American Paralympic sprinter

Timothy Brian Frasure (born February 2, 1973) is a Paralympian athlete and prosthetist from the United States competing mainly in category T44 sprint events.

==Paralympic career==

He competed in the 2000 Summer Paralympics in Sydney, Australia. There he won a silver medal in the men's 100 metres - T44 event and was disqualified in the men's 200 metres - T44 event. He'd tested positive for Nandrolone. This was later overturned as there was no evidence of advertent use. He also competed at the 2004 Summer Paralympics in Athens, Greece, where he won a gold medal in the men's 4 x 100 metre relay - T42-46 event, a gold medal in the men's 4 x 400 metre relay - T42-46 event, a silver medal in the men's 100 metres - T44 event, and a bronze medal in the men's 200 metres - T44 event. He also competed in the 2000 Summer Paralympics T44 200 metres, breaking the world record in the heats but was disqualified in the final.
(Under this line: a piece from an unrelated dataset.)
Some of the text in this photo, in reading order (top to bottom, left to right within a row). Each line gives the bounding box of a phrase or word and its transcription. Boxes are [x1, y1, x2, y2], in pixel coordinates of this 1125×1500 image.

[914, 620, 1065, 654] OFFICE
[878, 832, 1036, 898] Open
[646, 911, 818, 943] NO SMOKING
He also competed at the 2008 Summer Paralympics in Beijing, China, winning a gold medal in the men's 4 x 100 metre relay - T42-46 event and a bronze medal in the men's 100 metres - T44 event.

==Prosthetist career==

Frasure fitted Oscar Pistorius with his first pair of Össur Flex-Foot Cheetah carbon fiber running blades.